Enfermeiros da Atenção Primária em Saúde (APS) de toda a região participaram de capacitação sobre o risco de vida de crianças com o médico pediatra e intensivista Dr. Kelson Rudy Ferrarini. O encontro, realizado na tarde desta terça-feira (22) no anfiteatro da Prefeitura, é resultado de uma parceria entre a Secretaria de Saúde de Umuarama, o Hospital Norospar, o Centro Mãe Paranaense e a 12º Regional de Saúde.

Os profissionais tiveram acesso a uma série de informações sobre o tema estratificação de risco segundo a Linha Guia Materno Infantil, estabelecida pelo Ministério da Saúde e pela Secretaria de Estado do Saúde (Sesa), e estabelece critérios para garantir o cuidado às crianças com maior probabilidade de adoecer e morrer. “A linha trabalha com três métodos de identificação do recém-nascido: 1) com risco habitual, 2) com risco intermediário e 3) com alto risco ao nascer, daí a importância de oferecer cuidados e atenção diferenciados a essas crianças”, indicou.

O médico falou ainda que os critérios da estratificação devem ser reavaliados, de forma contínua e dinâmica, durante o acompanhamento da criança até completar o segundo ano de vida, porque elas podem ter evolução que permita mudança no grau de risco. “Os riscos ao nascer, identificados em cada criança, devem ser definidos na alta da maternidade e na visita domiciliar pela busca ativa dos recém-nascidos. Além da estratificação ao nascer, salientamos que a estratificação de risco das crianças de 1 a 24 meses deve ser atualizada a cada consulta”, orientou.

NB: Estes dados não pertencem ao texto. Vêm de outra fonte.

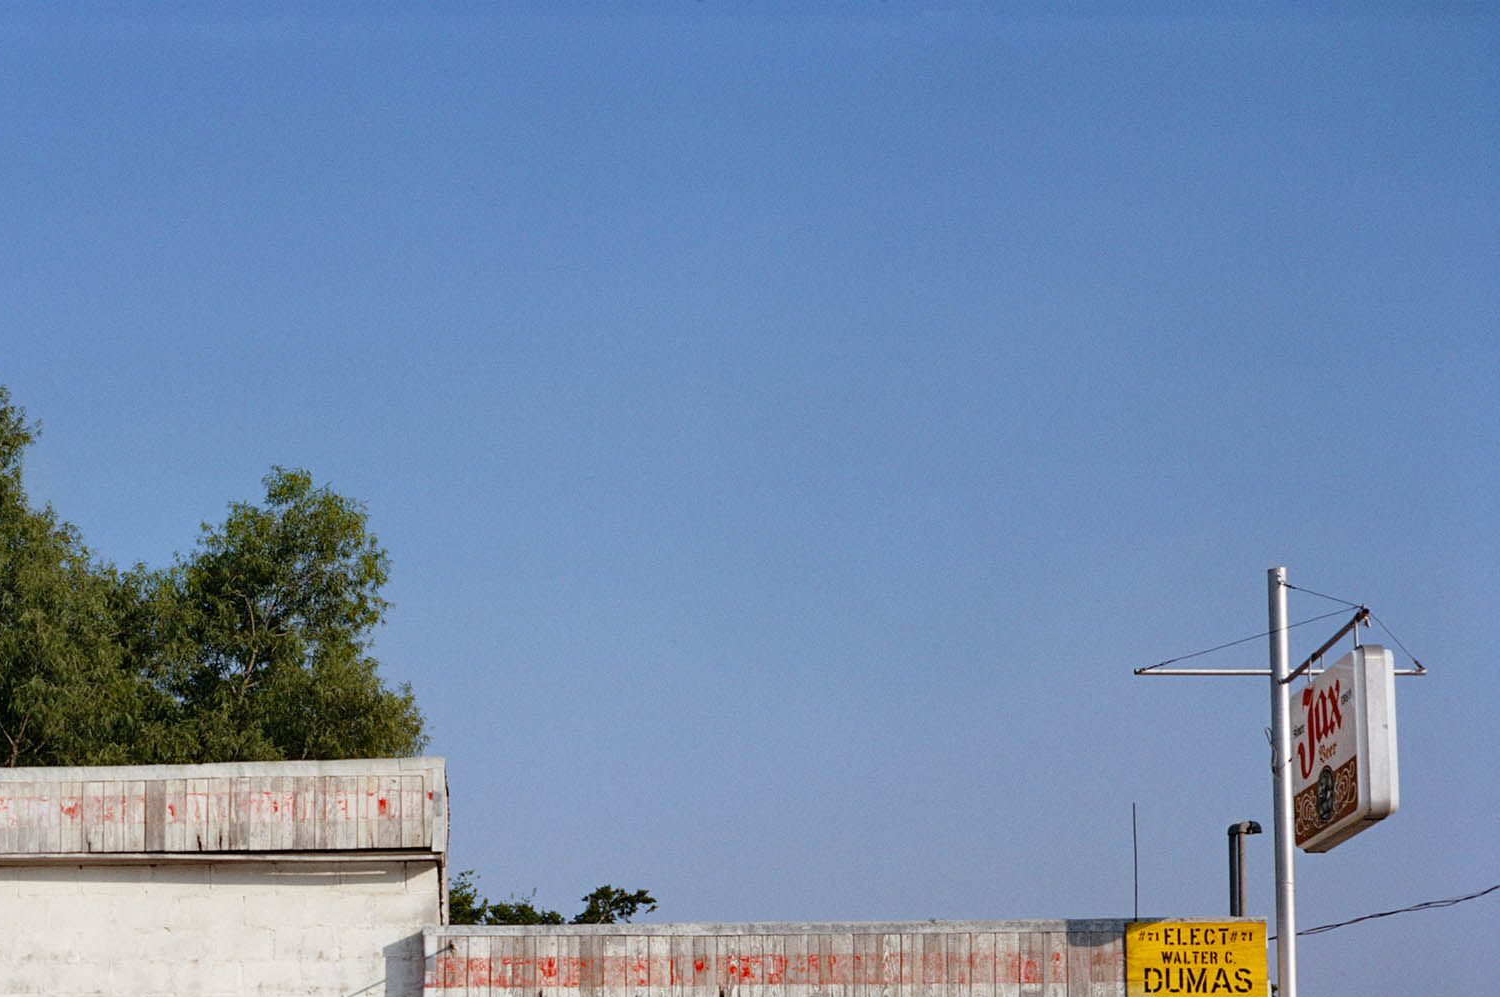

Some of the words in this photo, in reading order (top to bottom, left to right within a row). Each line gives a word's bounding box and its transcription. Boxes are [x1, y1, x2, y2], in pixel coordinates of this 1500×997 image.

O intensivista comentou ainda que o acompanhamento da criança deve ser realizado pela APS, podendo ser de forma exclusiva ou compartilhada com a Atenção Ambulatorial Especializada (AAE). “É preciso analisar também dados maternos, como idade, raça/cor, escolaridade, condições sociodemográficas, antecedentes pré-natais, perinatais (antes do nascimento do bebê) e neonatais. A continuidade do cuidado é um dos princípios que deve ser garantido à criança pelas equipes da APS e AAE, que devem atuar em unidade”, instruiu.

Entre outras orientações, Dr. Kelson Ferrarini falou sobre a necessidade de se compartilhar entre os profissionais de APS, informações importantes sobre os recém-nascidos, como as bilirrubinas até 14 dias de vida, os exames externos solicitados, a demora no retorno, os agendamentos do município, o plano de alta e os resumos da UTI neonatal, por exemplo. “Até 28 dias é fundamental ligar para o contato [mãe, familiares, etc.], verificar se necessita da central leitos, de exames, encaminhamentos ou leites especiais. É preciso ainda incentivar o aleitamento materno, ligando para o Banco de Leite no Norospar para quaisquer notificações que achar importantes”, resumiu.